John Longhurst is director of marketing and sales for Mennonite Publishing Network and a member of River East Mennonite Brethren Church.

One day he happened upon a number of military helicopters landing at a nearby field.

“The helicopters were disgorging Vietnamese soldiers who were killed and wounded in a battle about 25 kilometers away,” he recalled. “This was my introduction to war, and this was the beginning of a journey for me to understand being a person of peace in the midst of war.”

The experience set him on his life’s course as a Christian peace activist — a career that ended March 10 when he died in Fort Frances, Ont.
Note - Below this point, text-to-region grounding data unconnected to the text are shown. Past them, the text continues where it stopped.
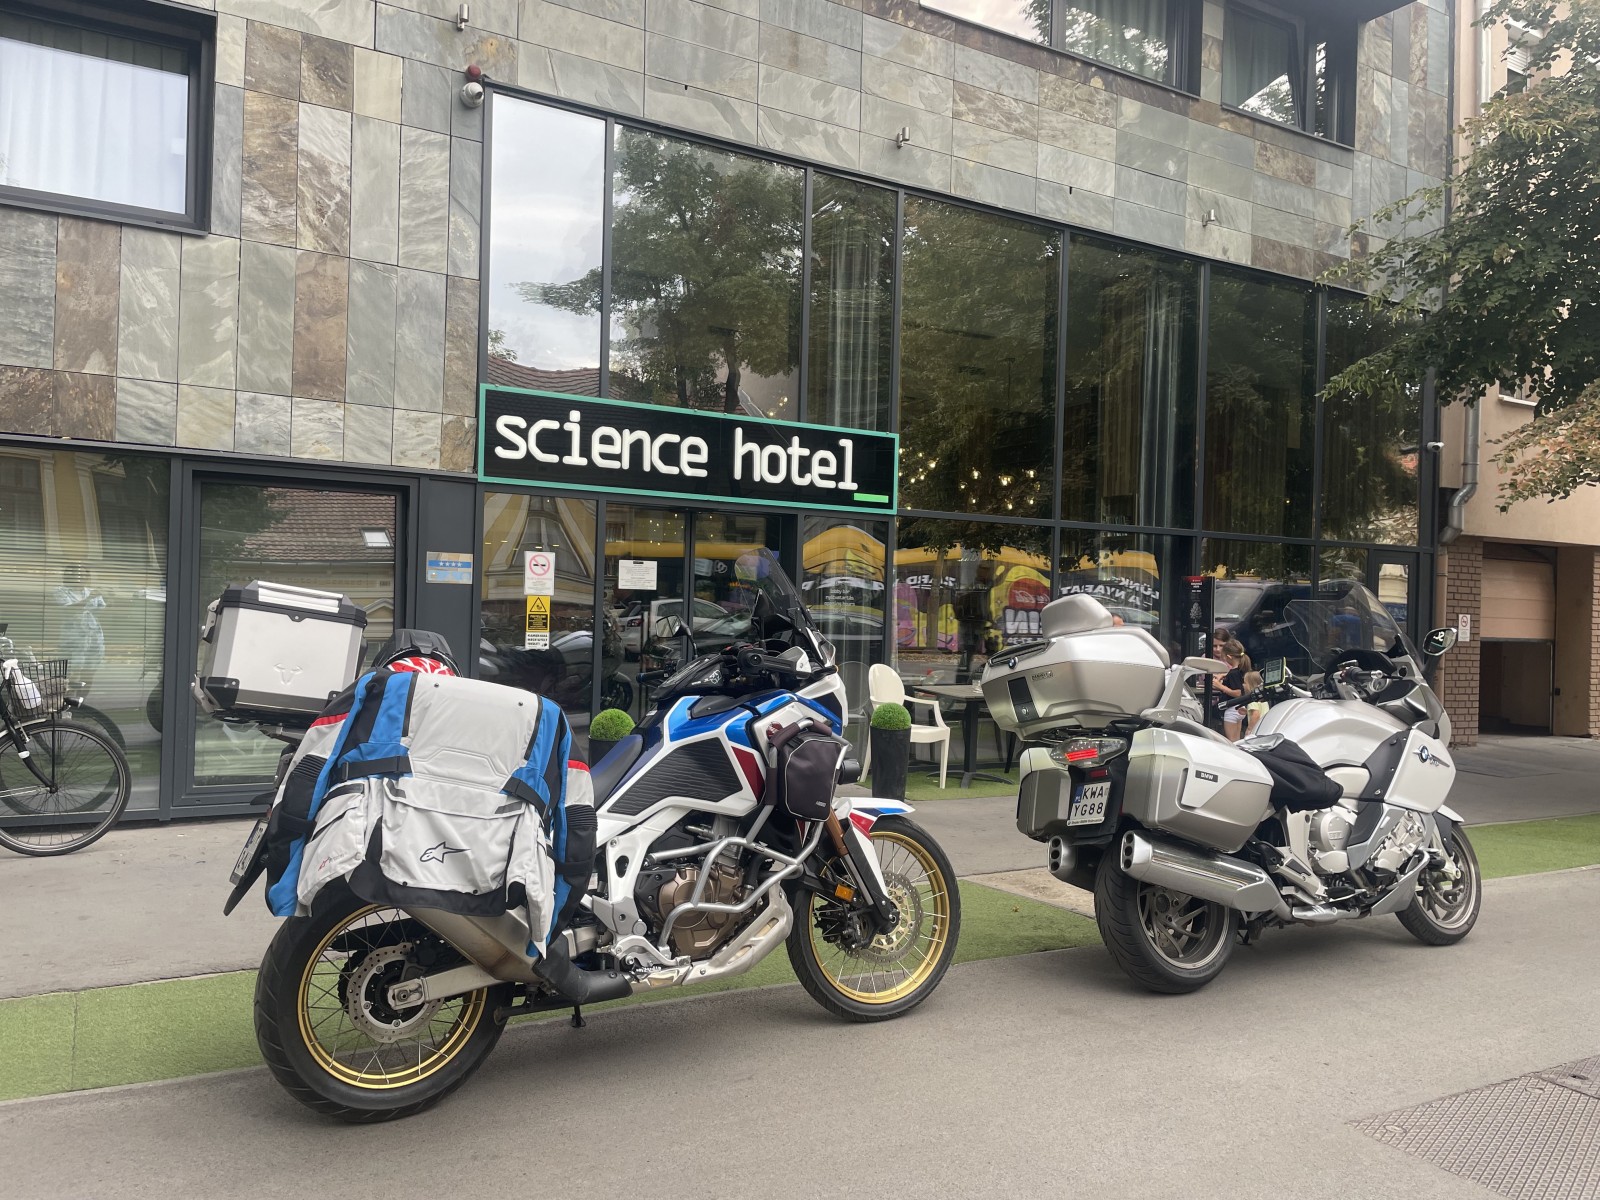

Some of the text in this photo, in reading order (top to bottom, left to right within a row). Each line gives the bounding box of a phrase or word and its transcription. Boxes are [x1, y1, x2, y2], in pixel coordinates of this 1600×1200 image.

[494, 410, 859, 490] science hotel
[1200, 772, 1214, 780] BMW
[1082, 786, 1104, 800] KWA
[1074, 802, 1104, 817] YG88
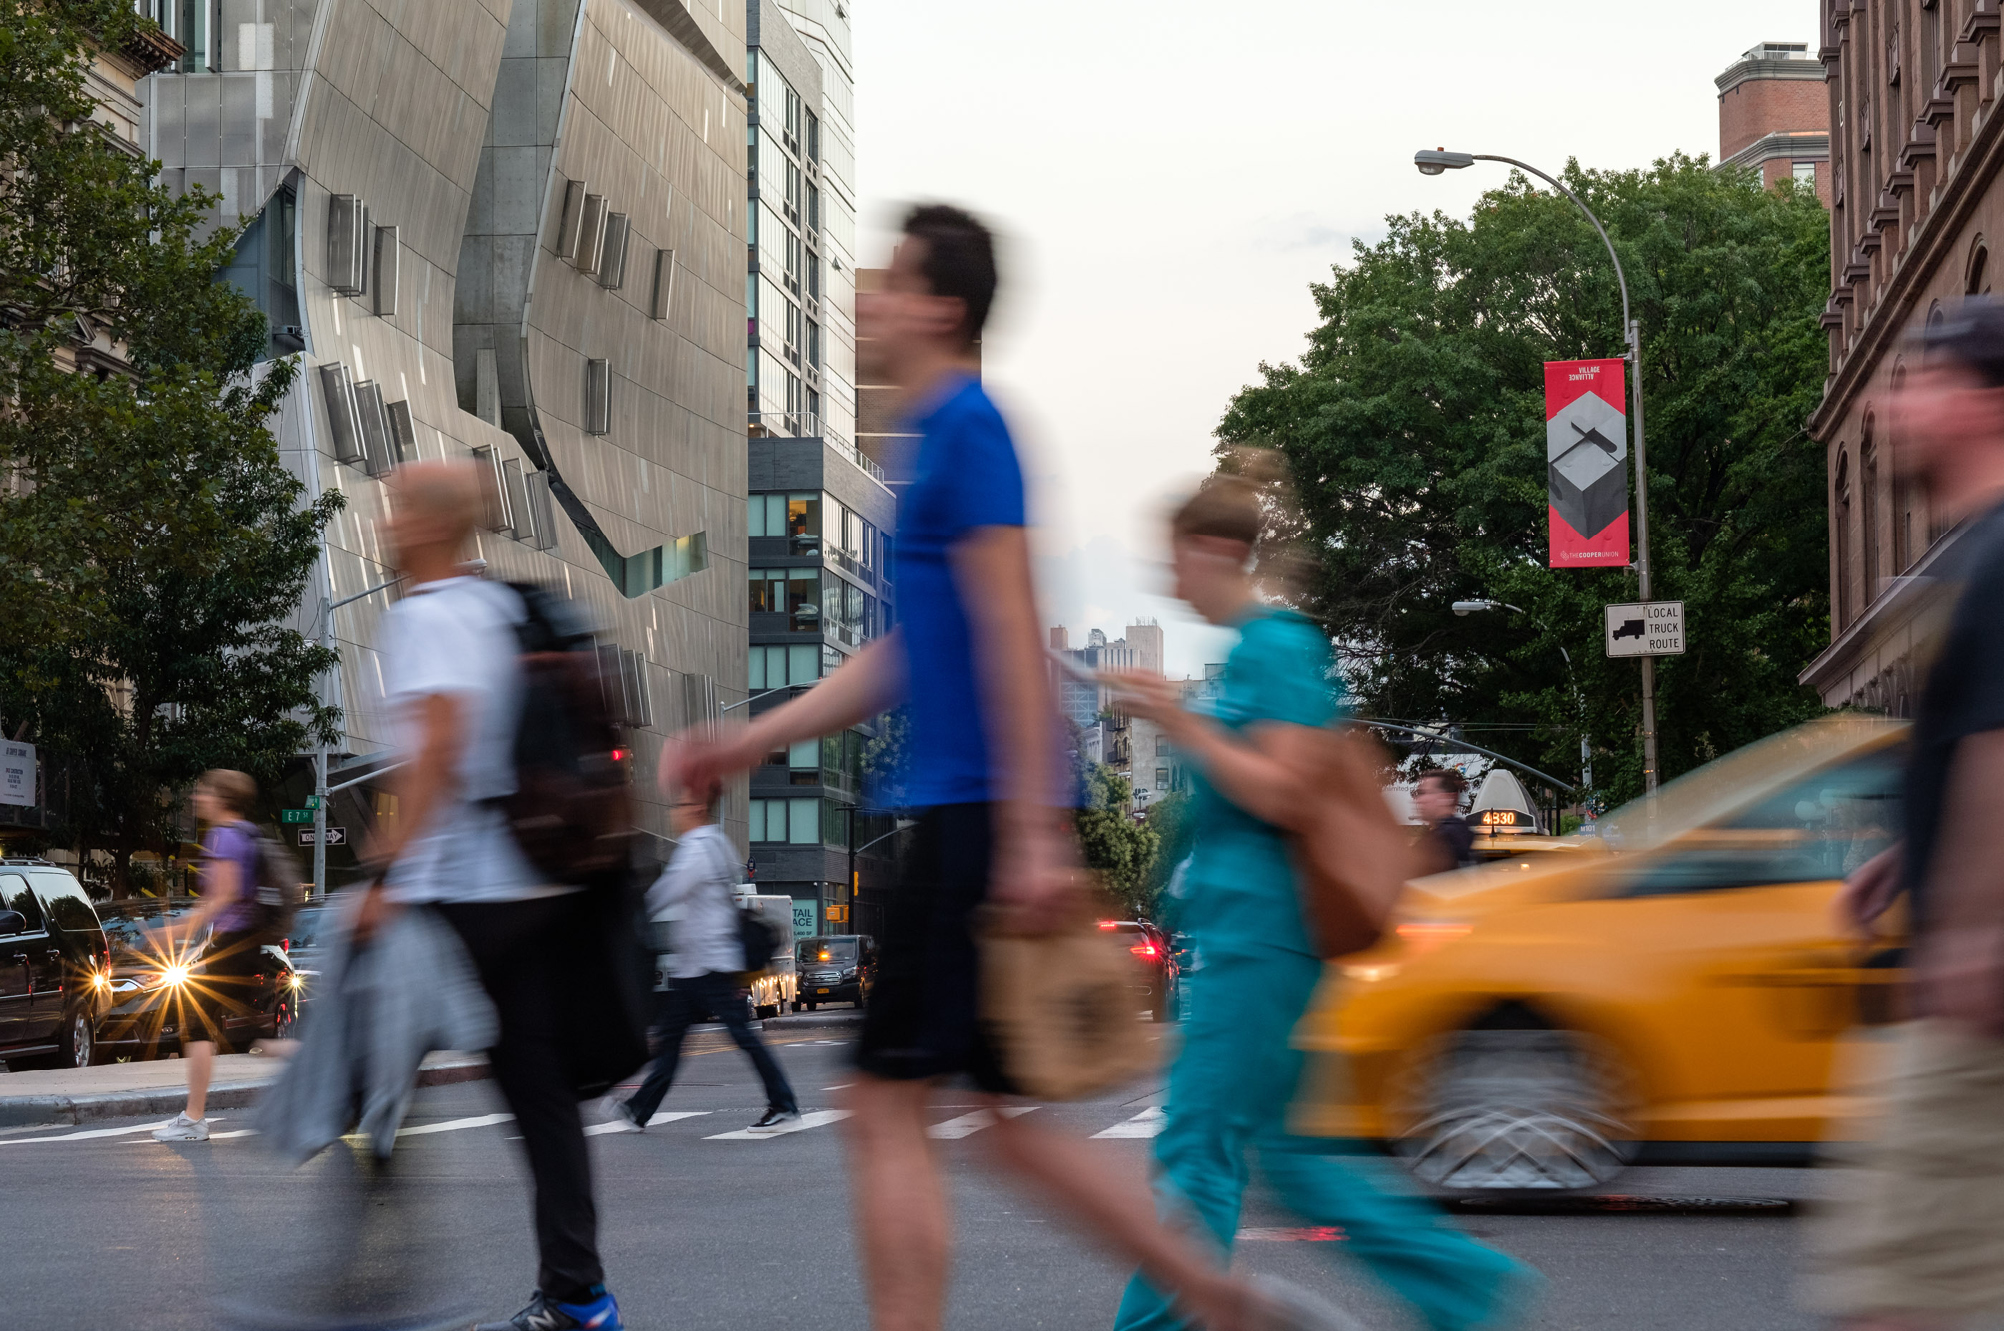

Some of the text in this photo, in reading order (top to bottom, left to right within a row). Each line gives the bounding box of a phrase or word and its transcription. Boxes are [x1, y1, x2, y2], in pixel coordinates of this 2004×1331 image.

He was 70.

Gene’s crowning achievement was the creation of Christian Peacemaker Teams, which he helped found in 1988 and directed until 2004.
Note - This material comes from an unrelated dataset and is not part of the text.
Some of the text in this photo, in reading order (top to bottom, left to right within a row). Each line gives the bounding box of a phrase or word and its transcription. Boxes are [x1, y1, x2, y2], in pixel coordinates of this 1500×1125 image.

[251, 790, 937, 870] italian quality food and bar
The central idea behind CPT, he said, “was that disciplined and trained teams of people could be put together into highly charged, critical situations and they could make a difference.”

Such work, he knew, was not without its dangers. In 2005, the worst came true when four CPTers were taken hostage in Iraq. One of the group, Tom Fox, was killed by his captors before the rest were rescued.

For Gene, these kinds of risks were part of what it meant to be a peacemaker. He believed that just as soldiers are willing to give their lives in war, peacemakers should also be willing to put their lives on the line.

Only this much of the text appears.